++++ Material for this exercise

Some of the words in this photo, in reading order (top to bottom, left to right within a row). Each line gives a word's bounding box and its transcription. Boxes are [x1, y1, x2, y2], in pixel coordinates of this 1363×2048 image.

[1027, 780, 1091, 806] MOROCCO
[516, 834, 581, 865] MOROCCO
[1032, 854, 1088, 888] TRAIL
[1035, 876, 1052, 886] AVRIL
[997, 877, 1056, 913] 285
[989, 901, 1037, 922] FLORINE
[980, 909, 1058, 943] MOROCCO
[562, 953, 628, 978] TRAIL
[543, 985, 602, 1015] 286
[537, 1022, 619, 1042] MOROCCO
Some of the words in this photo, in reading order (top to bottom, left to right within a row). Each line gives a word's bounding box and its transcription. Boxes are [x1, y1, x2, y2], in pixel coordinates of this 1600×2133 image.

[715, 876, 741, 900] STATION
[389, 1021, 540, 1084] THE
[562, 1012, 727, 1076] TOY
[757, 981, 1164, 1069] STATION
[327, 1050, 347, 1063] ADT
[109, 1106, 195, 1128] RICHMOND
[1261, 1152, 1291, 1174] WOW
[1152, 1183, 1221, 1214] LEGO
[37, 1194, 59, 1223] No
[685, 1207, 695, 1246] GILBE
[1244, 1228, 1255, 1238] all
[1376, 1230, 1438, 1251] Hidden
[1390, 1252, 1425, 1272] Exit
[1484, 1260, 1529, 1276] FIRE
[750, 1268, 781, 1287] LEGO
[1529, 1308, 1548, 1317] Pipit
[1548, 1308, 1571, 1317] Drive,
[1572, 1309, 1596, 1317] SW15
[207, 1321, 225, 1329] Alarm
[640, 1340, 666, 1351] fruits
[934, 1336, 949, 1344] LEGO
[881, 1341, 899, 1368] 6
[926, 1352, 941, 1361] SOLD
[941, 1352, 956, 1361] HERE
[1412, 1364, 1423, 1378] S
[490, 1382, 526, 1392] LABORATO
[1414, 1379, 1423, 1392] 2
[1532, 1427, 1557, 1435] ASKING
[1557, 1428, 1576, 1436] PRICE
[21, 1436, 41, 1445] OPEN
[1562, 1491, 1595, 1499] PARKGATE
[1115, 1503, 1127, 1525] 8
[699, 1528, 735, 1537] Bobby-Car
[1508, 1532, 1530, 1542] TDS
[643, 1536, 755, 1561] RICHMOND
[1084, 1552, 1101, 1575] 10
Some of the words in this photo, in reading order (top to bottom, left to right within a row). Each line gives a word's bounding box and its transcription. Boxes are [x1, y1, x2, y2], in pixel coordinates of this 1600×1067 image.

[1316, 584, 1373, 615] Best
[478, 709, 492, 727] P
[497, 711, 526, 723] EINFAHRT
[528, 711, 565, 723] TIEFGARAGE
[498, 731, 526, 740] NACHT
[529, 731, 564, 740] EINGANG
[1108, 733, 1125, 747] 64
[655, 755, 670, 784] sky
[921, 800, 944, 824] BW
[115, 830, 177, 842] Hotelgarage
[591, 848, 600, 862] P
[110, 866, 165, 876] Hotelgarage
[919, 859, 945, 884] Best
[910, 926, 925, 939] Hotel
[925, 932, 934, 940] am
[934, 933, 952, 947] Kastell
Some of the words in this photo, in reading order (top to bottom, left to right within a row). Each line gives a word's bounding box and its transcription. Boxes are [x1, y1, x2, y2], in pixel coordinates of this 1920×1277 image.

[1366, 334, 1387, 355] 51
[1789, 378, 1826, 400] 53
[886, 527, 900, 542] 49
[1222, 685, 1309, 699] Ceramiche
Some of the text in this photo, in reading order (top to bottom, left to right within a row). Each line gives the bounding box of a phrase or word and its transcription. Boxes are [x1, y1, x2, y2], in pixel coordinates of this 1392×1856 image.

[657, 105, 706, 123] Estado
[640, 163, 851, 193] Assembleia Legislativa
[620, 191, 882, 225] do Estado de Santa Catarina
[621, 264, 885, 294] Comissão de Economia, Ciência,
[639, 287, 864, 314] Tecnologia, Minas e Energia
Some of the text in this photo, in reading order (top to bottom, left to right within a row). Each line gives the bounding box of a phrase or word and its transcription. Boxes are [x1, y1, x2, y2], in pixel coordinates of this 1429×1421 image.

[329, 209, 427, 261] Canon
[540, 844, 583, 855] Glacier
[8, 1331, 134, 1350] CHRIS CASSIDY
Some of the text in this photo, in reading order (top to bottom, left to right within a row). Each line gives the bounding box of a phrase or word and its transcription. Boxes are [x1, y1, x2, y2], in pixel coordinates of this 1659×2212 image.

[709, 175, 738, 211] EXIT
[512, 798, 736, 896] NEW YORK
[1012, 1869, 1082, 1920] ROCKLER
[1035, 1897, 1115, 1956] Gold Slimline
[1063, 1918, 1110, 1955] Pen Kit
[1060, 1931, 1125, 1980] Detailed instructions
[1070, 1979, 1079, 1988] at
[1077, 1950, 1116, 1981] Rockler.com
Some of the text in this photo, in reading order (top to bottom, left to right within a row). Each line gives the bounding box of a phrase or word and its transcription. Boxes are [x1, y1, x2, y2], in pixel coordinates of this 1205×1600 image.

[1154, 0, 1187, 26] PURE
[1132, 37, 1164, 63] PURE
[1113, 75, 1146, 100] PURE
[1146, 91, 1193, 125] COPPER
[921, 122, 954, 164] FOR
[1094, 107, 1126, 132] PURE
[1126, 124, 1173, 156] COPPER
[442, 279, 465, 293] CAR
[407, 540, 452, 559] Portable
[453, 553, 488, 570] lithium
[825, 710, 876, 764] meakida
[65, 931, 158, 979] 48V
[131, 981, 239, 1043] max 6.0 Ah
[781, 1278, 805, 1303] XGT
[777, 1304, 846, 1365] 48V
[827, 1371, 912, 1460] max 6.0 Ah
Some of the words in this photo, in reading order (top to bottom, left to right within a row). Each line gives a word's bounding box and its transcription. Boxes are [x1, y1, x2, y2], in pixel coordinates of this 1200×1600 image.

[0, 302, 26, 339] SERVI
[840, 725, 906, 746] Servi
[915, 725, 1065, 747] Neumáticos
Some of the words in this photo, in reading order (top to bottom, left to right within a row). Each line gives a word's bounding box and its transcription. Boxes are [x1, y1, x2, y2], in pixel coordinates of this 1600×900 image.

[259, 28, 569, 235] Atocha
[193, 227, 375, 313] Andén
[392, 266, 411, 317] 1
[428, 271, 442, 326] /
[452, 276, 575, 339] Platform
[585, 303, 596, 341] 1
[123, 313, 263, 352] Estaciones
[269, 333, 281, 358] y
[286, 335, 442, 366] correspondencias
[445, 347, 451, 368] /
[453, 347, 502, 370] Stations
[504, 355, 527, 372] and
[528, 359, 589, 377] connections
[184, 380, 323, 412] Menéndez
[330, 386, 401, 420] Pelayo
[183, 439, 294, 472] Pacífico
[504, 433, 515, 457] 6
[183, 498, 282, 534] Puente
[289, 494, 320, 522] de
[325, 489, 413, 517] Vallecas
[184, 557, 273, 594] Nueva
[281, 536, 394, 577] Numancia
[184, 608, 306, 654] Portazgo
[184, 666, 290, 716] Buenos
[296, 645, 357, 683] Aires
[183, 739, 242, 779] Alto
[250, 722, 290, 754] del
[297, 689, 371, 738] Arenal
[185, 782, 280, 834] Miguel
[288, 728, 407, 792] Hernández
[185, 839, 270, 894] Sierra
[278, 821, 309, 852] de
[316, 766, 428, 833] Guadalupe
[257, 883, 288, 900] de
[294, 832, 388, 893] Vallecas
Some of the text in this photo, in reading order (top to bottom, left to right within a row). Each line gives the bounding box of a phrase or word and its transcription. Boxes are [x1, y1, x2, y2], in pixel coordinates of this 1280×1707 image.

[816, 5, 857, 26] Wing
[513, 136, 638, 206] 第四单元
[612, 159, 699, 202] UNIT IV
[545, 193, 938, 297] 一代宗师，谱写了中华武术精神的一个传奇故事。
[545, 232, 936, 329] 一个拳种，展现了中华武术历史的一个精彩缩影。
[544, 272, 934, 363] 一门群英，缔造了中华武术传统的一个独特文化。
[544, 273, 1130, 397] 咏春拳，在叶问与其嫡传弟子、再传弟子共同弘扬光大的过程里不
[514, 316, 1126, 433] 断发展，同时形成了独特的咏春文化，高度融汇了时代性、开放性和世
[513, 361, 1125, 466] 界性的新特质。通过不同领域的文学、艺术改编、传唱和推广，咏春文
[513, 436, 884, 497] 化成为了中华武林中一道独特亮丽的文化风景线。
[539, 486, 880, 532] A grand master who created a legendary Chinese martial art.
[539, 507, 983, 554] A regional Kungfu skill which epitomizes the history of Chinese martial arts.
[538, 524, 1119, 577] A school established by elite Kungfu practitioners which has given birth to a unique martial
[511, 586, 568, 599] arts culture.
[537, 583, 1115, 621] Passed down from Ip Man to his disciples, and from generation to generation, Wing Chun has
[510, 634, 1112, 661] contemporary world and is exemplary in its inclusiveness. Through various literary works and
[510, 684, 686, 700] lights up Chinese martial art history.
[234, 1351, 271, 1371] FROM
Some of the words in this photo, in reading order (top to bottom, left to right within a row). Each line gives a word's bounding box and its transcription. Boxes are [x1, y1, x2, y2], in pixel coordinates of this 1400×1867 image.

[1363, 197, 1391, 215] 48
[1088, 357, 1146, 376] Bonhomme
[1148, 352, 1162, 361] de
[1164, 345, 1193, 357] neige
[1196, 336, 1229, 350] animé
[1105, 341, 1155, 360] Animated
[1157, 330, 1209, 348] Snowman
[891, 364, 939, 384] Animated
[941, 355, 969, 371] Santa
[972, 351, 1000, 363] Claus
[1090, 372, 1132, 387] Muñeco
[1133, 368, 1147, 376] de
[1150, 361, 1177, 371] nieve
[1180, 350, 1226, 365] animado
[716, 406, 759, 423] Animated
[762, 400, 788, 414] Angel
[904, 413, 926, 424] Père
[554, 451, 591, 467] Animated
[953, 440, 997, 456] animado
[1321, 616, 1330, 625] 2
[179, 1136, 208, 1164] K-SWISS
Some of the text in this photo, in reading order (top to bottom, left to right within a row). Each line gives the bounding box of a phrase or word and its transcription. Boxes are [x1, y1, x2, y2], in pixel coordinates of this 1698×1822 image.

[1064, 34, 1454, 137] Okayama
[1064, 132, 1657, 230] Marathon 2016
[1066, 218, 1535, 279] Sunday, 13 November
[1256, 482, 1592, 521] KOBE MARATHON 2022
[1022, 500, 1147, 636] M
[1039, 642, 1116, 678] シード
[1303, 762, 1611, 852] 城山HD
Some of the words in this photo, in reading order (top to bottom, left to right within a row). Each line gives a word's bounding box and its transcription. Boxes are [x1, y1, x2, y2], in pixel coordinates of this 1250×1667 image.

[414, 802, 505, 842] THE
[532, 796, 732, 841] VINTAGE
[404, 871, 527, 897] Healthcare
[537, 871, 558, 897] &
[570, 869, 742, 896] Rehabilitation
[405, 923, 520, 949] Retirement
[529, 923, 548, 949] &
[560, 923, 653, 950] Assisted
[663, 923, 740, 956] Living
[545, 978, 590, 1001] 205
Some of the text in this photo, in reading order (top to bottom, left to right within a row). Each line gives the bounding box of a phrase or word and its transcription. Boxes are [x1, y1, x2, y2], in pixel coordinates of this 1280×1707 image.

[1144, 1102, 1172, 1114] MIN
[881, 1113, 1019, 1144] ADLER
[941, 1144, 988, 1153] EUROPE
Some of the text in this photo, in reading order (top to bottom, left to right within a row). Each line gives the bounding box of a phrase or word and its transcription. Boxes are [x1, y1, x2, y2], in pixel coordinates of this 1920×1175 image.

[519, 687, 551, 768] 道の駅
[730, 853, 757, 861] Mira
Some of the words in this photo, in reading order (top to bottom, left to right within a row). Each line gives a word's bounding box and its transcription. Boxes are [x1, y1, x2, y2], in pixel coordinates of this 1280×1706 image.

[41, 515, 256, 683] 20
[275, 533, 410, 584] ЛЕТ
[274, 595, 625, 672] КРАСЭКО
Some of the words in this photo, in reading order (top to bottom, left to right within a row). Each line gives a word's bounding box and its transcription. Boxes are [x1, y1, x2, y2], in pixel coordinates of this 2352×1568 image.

++++++++

Output only the lines from the line that contains "this 1920×1175 image." through the end of the entries, both included, exactly as they appear.

[Response to this exercise]
Some of the text in this photo, in reading order (top to bottom, left to right within a row). Each line gives the bounding box of a phrase or word and its transcription. Boxes are [x1, y1, x2, y2], in pixel coordinates of this 1920×1175 image.

[519, 687, 551, 768] 道の駅
[730, 853, 757, 861] Mira
Some of the words in this photo, in reading order (top to bottom, left to right within a row). Each line gives a word's bounding box and its transcription. Boxes are [x1, y1, x2, y2], in pixel coordinates of this 1280×1706 image.

[41, 515, 256, 683] 20
[275, 533, 410, 584] ЛЕТ
[274, 595, 625, 672] КРАСЭКО
Some of the words in this photo, in reading order (top to bottom, left to right within a row). Each line gives a word's bounding box and its transcription. Boxes are [x1, y1, x2, y2], in pixel coordinates of this 2352×1568 image.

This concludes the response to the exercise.